Even as Khomenko forcefully responds to her homeland at war, invaded by murderous Russians for the latest time in a centuries-long history of subjugation, her complex compositions, lavish and varied brushwork, and avidity for color yield a great deal of retinal pleasure and adventure for viewers. “The Wave I” and “The Wave II” (both 2024), two upright, unframed, half-rolled paintings — perhaps more accurately, paintings-as-sculptures — placed on the floor are downright delightful, even playful. Their imagery and coloration, drawn from a video of a Russian missile strike on a Kharkiv neighborhood, loosely resemble artillery shells, and their undulating shapes evoke a shock wave from a missile’s blast. 

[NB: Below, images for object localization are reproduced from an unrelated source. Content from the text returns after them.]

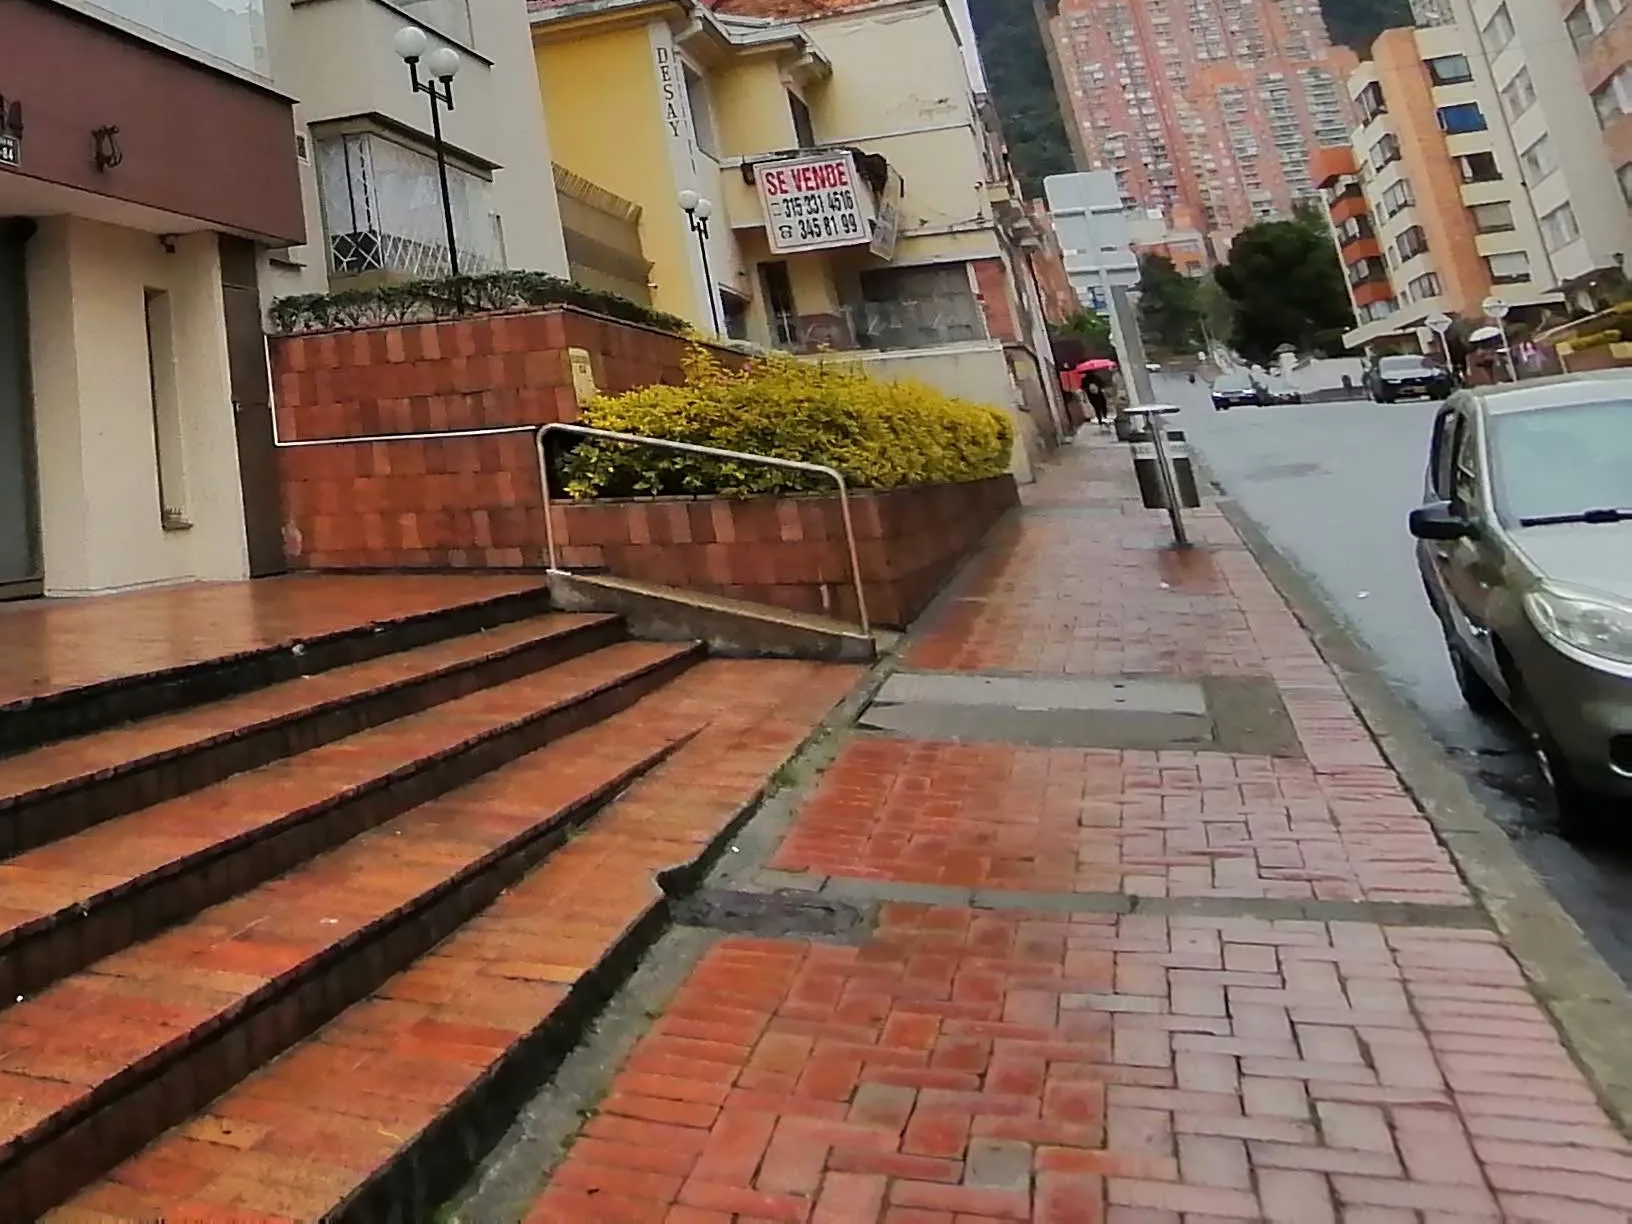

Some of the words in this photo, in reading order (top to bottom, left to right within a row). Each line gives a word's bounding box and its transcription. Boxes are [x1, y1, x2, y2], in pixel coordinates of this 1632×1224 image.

[657, 47, 679, 137] DESAY
[765, 171, 789, 196] SE
[791, 162, 849, 192] VENDE
[782, 197, 803, 218] 315
[828, 190, 854, 212] 4516
[798, 217, 822, 240] 345
[823, 215, 838, 237] 81
[841, 213, 858, 234] 99

Khomenko’s wartime paintings do not feature big battles, ships being sunk, bombs being dropped, the Kerch Bridge in flames, or Russian missiles smashing into apartment buildings, dramatic images of which are widely available on the internet. Rather, they expand just a couple of seconds — sometimes a split second — of war to whopping effect. 

In the riveting “Explosion in The Hospital. 10 Seconds Video” (2023–24), for instance, a mask-wearing nurse with one upraised hand stands beside a figure engulfed by a bright flash; above are various jutting, aerial forms. It is based on excerpts of a video of a Russian attack on a Pokrovsk hospital during a surgery. While serial liar Dmitry Peskov, press secretary for Putin, natters endlessly about how Russia never, ever attacks Ukrainian civilians and infrastructure, the video, and Khomenko’s painting, attest otherwise. 

In “A Moment of Explosion in the Trench I,” (2023–24), a helmeted Ukrainian soldier, his face partially obscured, leans forward, looking down intently at something. Above and around him is a splay of yellow and white streaks, jagged dark forms, and white and gray ones resembling debris. A related painting of the same scene, “A Moment of Explosion in the Trench II” (2023–24) radically differs. Diagonal brown streaks now occlude the soldier’s face; yellow flashes seem to burst around his head. 

The source for both is a renowned video of a Ukrainian drone operator at his laptop in a trench. A Russian artillery shell explodes just above him, rattling his covert and ripping the overheard tarp. He barely flinches, remaining ultra-focused on his mission. The soldier, explosion, shredded tarp, and trench gear become the partly abstract forms in the painting, which is imbued not just with this soldier’s but also the entire Ukrainian nation’s resistance and resolve. 

Lesia Khomenko: Through Waves and Portals continues at Voloshyn Gallery (802 NW 22nd Street, Miami) through March 30. The exhibition was organized by the gallery.